The evening began, not with the usual orchestra, but a much-reduced wind ensemble in Dvořák’s Serenade in d minor, Op. 44. The piece is scored for two oboes, clarinets and bassoons, three horns, and a solo cello and double bass, all of which came together to produce the necessary Czech folk-like vitality that pervades Dvořák’s compositions. The players blended wonderfully, creating the variety of colors and personalities that the music has to offer. The Menuetto was particularly charming, moving from a traditional Czech sousedská to a stirring furiant, and then back again.

Scored for a wind octet, Mozart’s Serenade No. 12 in c minor, K. 388 (384a) opens with a commanding theme.  The ensemble played with conviction of tone and great precision during the contrapuntal passages.  While the players generally did an excellent job juxtaposing the minor passages with their lighter moments, the final moments of the Menuet & Trio dragged just a bit.  The fourth movement Allegro was approached with energy and a sense of anticipation by both the instrumentalists and the conductor, ending the first half of the concert with great excitement.

More of the orchestra joined the stage after intermission for Brahms’ Serenade No. 2.  Once again Heatherington provided useful musicological commentary of how Brahms, terrified about living up to the hype of his own name, composed this serenade as another practice run for the inevitable writing of his first symphony.  Although absent of violins, Brahms’ Serenade produces a full and rich orchestral sound that is a clear predecessor to his eventual symphonic works.

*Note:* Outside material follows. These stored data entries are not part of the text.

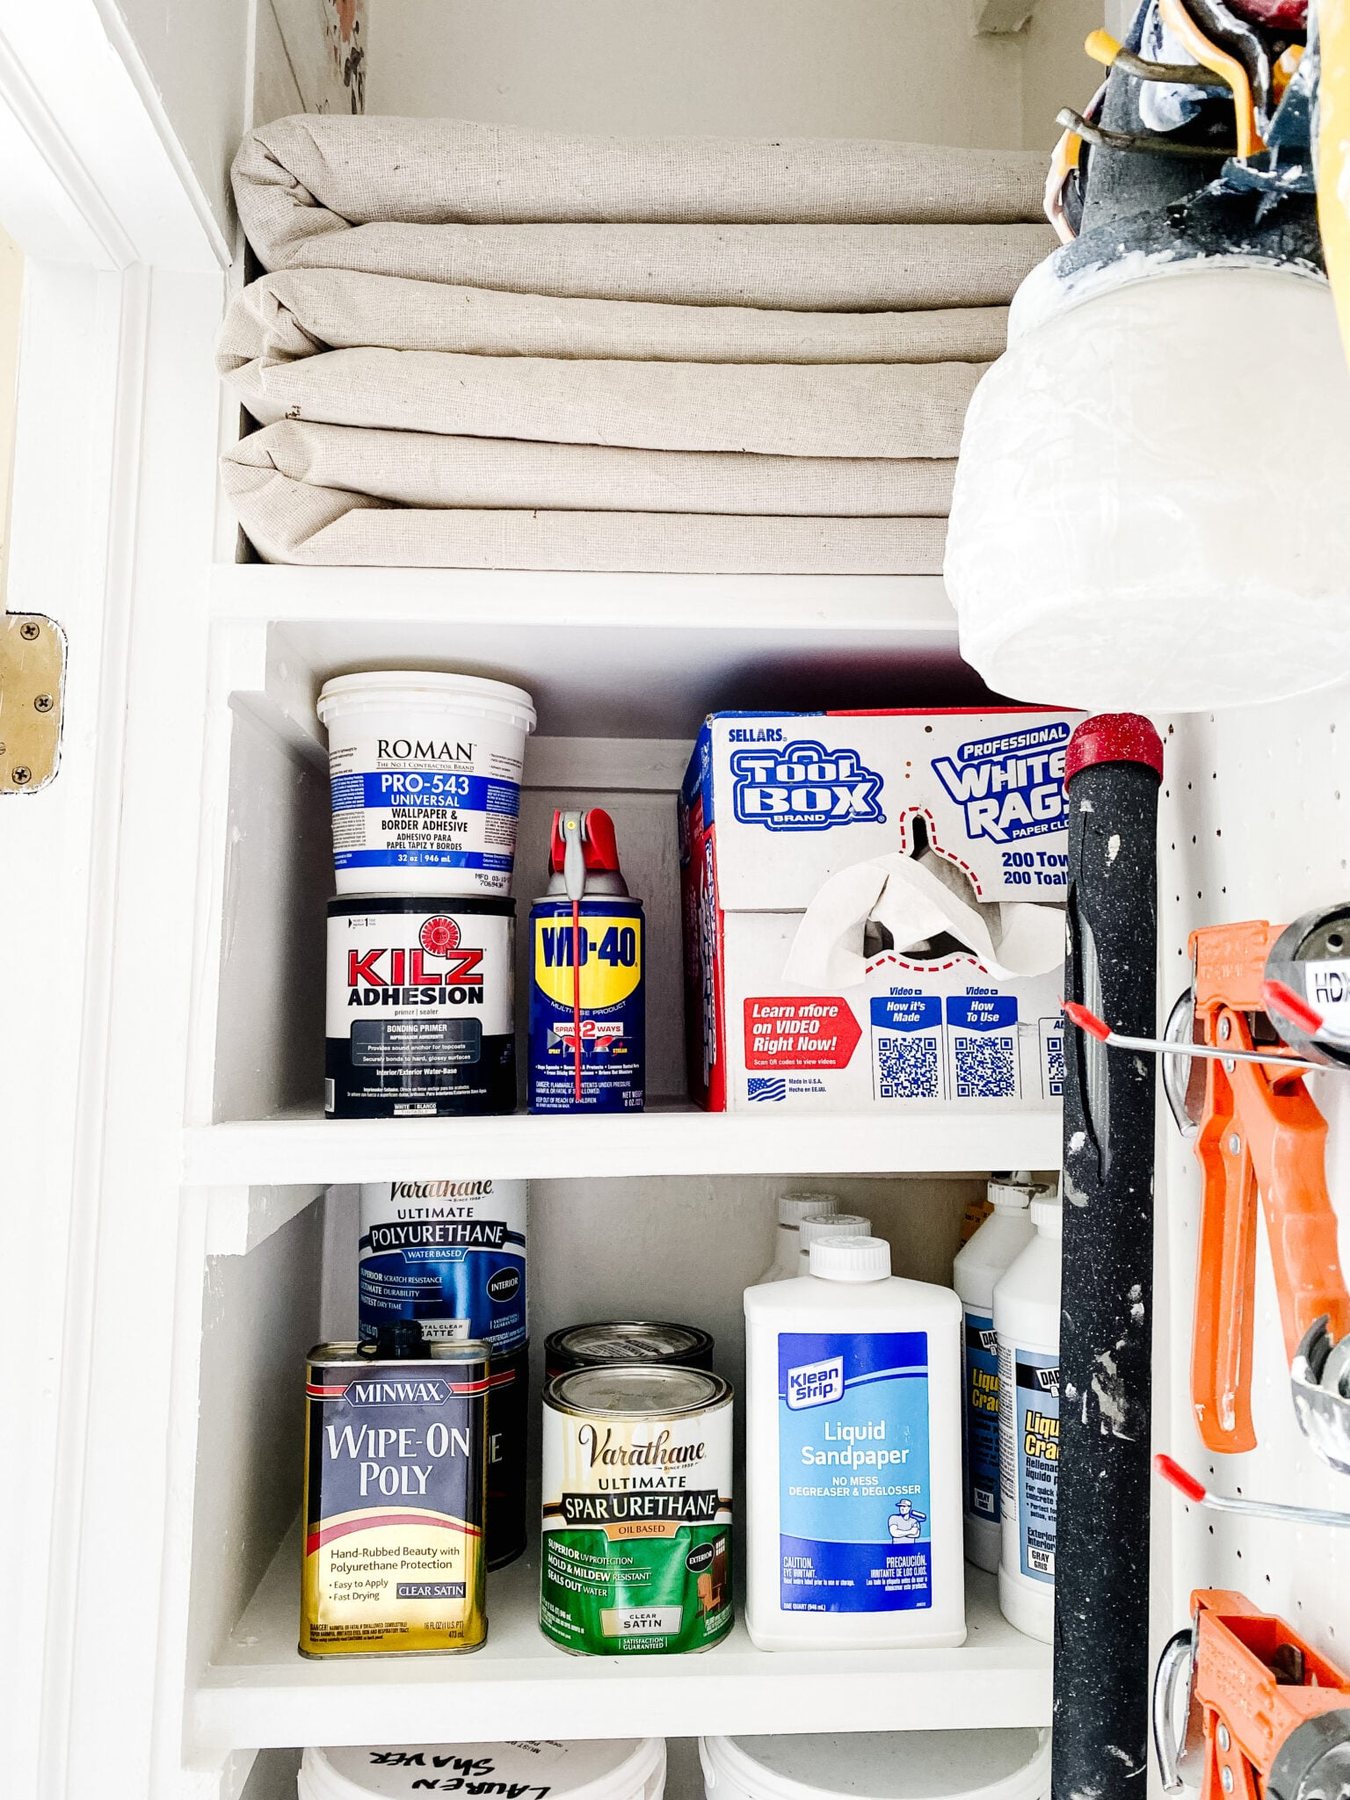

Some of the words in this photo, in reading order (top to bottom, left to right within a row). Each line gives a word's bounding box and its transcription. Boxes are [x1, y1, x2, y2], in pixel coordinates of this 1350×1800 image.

[729, 729, 782, 742] SELLARS
[964, 726, 1066, 759] PROFESSIONAL
[377, 740, 472, 760] ROMAN
[741, 759, 862, 782] TOOL
[935, 749, 1066, 801] WHITE
[381, 775, 469, 795] PRO-543
[391, 795, 459, 807] UNIVERSAL
[744, 783, 872, 815] BOX
[392, 809, 447, 819] WALLPAPER
[451, 811, 457, 819] &
[382, 819, 418, 830] BORDER
[422, 820, 468, 832] ADHESIVE
[1013, 824, 1048, 838] PAPER
[397, 833, 431, 841] ADHESIVO
[1002, 852, 1034, 867] 200
[1004, 871, 1031, 884] 200
[542, 927, 635, 967] WD-40
[348, 948, 483, 986] KILZ
[348, 987, 483, 1006] ADHESION
[966, 987, 989, 995] Video
[551, 1002, 590, 1015] MULTI-SE
[593, 1003, 626, 1015] PRODUCT
[753, 1004, 794, 1018] Learn
[800, 1004, 838, 1017] more
[887, 1002, 907, 1011] How
[910, 1002, 926, 1010] it's
[971, 1002, 994, 1010] How
[893, 1013, 920, 1022] Made
[967, 1013, 978, 1021] To
[981, 1013, 999, 1021] Use
[583, 1022, 595, 1037] 2
[753, 1023, 770, 1034] on
[777, 1021, 820, 1033] VIDEO
[754, 1037, 793, 1054] Right
[798, 1037, 837, 1050] Now!
[391, 1180, 492, 1201] Varathane
[398, 1208, 474, 1219] ULTIMATE
[372, 1225, 504, 1247] POLYURETHANE
[384, 1275, 407, 1283] SCRATCH
[492, 1277, 518, 1292] INTERIOR
[384, 1289, 419, 1297] DURABILITY
[791, 1368, 838, 1387] Klean
[356, 1384, 439, 1403] MINWAX
[796, 1384, 833, 1400] Strip
[825, 1420, 885, 1445] Liquid
[326, 1423, 469, 1460] WIPE-ON
[579, 1424, 705, 1468] Varathane
[801, 1446, 909, 1470] Sandpaper
[360, 1462, 434, 1496] POLY
[599, 1476, 686, 1490] ULTIMATE
[833, 1477, 847, 1485] NO
[850, 1476, 878, 1485] MESS
[789, 1487, 849, 1496] DEGREASER
[853, 1487, 859, 1495] &
[862, 1485, 921, 1495] DEGLOSSER
[566, 1498, 609, 1518] SPAR
[613, 1495, 715, 1517] URETHANE
[331, 1548, 400, 1559] Hand-Rubbed
[403, 1548, 437, 1557] Beauty
[548, 1538, 579, 1560] SUPERIOR
[581, 1553, 588, 1561] UV
[589, 1556, 633, 1565] PROTECTION
[689, 1551, 712, 1565] EXTERIOR
[1032, 1550, 1049, 1562] GRAY
[331, 1561, 398, 1575] Polyurethane
[401, 1560, 452, 1569] Protection
[548, 1554, 565, 1571] MOLD
[567, 1565, 572, 1573] &
[573, 1567, 610, 1582] MILDEW
[784, 1557, 813, 1568] CAUTION.
[886, 1553, 927, 1568] PRECAUCIÓN.
[334, 1581, 352, 1590] Easy
[365, 1579, 388, 1589] Apply
[399, 1587, 431, 1595] CLEAR
[434, 1586, 463, 1595] SATIN
[548, 1570, 564, 1586] SEALS
[565, 1580, 582, 1593] OUT
[583, 1586, 607, 1597] WATER
[353, 1592, 379, 1601] Drying
[624, 1620, 662, 1628] SATIN
[369, 1752, 495, 1776] SHAVER
[412, 1778, 551, 1800] LAUREN
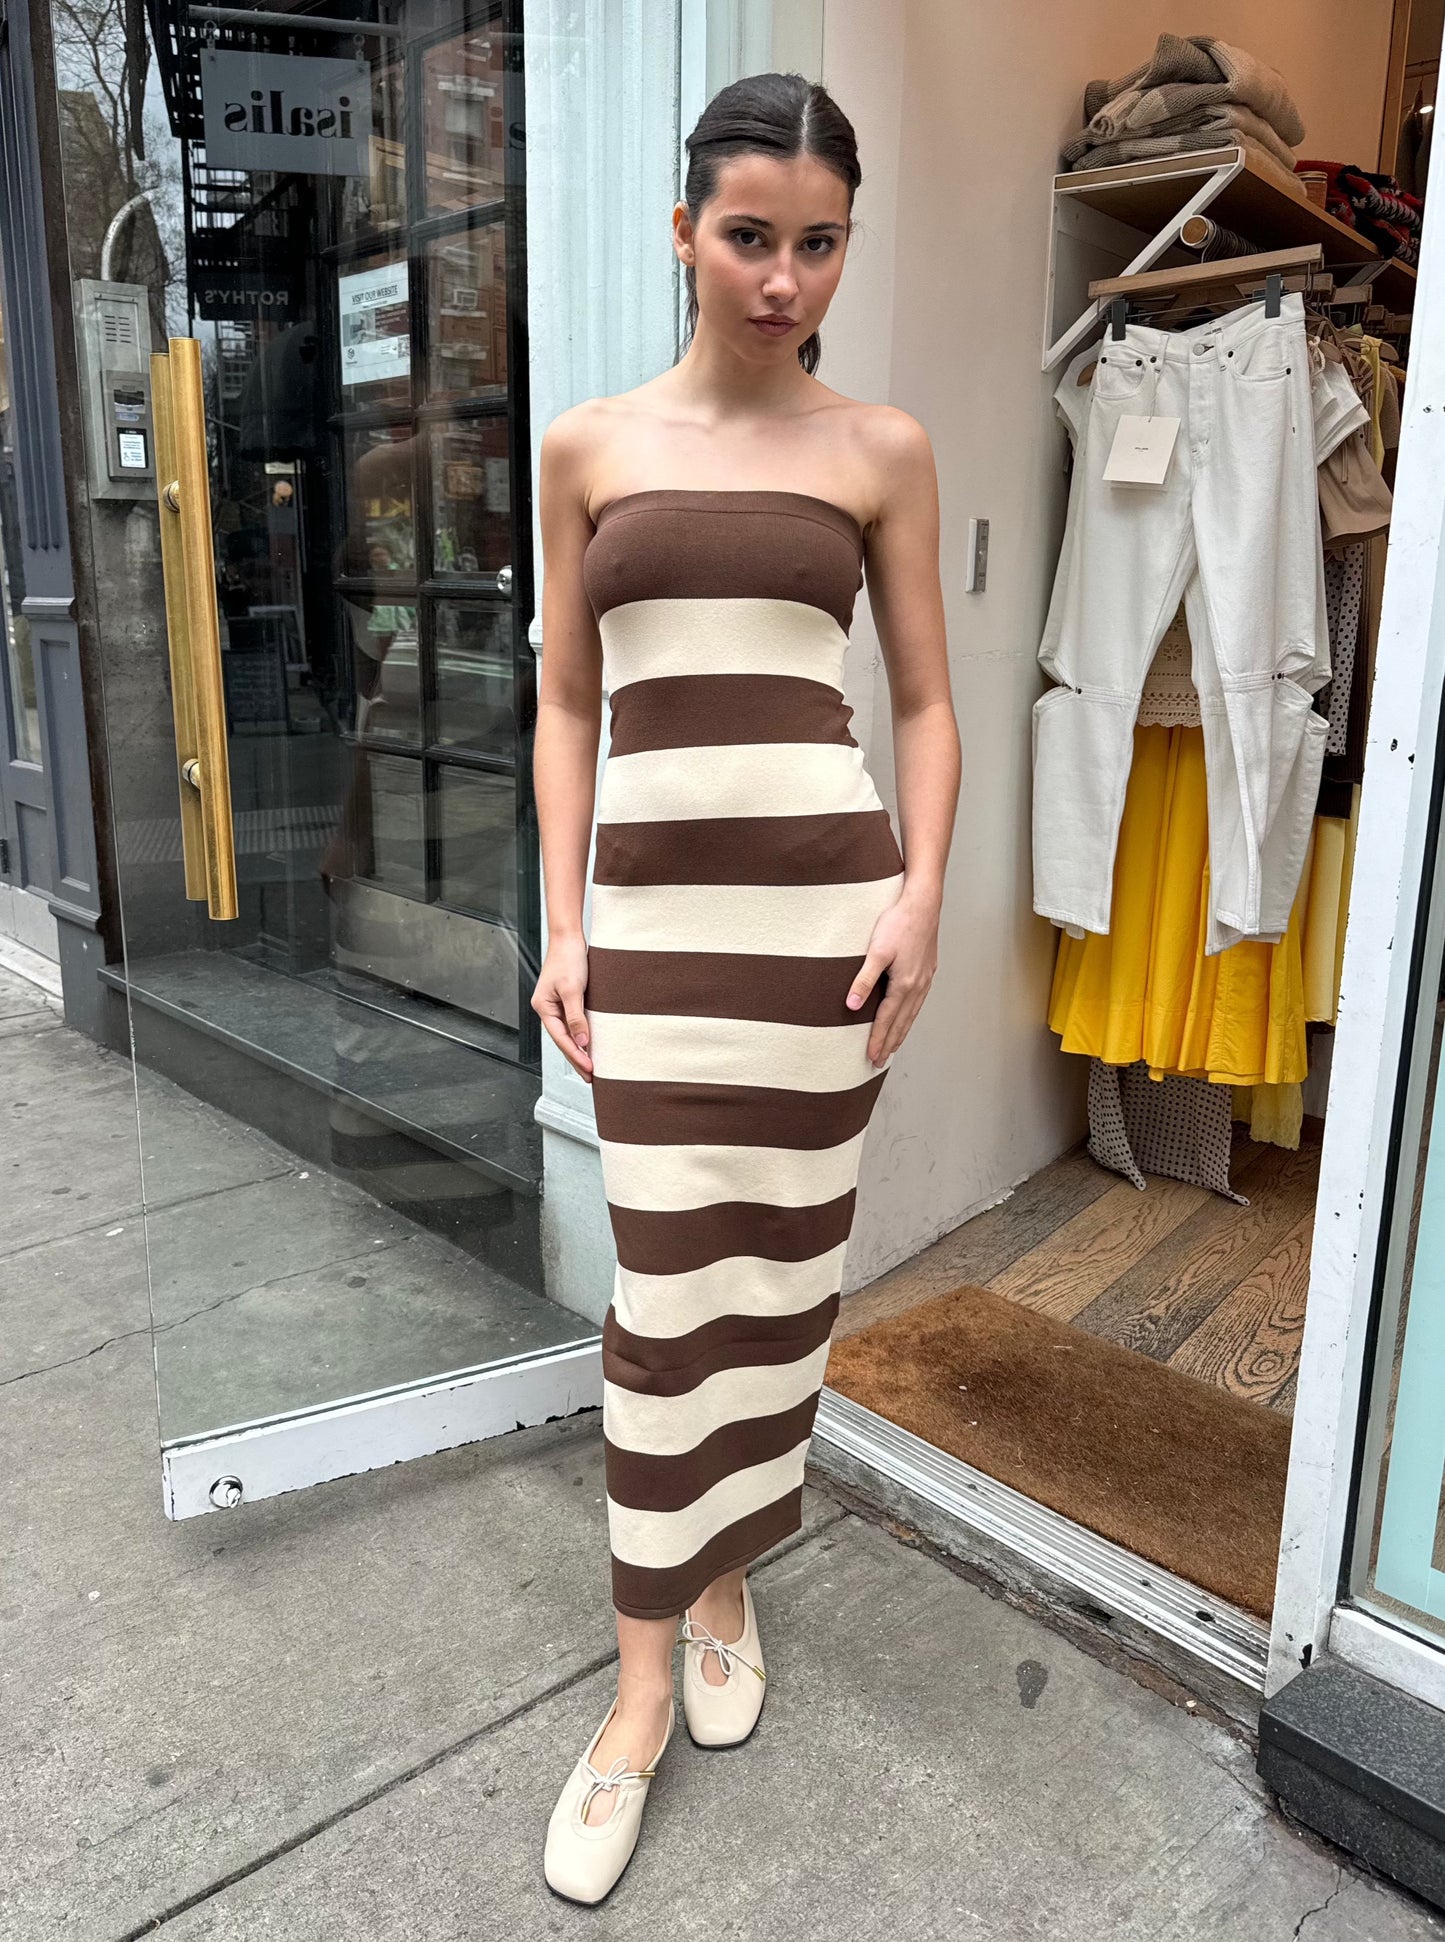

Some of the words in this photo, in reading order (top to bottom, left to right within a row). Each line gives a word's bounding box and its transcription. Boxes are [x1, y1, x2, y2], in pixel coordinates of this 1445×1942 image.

[352, 293, 364, 303] VISIT
[365, 291, 376, 300] OUR
[376, 284, 398, 297] WEBSITE

Throughout its entirety, music constantly wavered between the lush and the exciting; each movement seemed to end too soon.  The lively Rondo: Allegro was highlighted by the fluttering and swooping lines of the piccolo.  Within his controlled direction, Heatherington was able to coax a diverse and stunning spectrum of expression from the orchestra that perfectly suited the Romanticism of Brahms.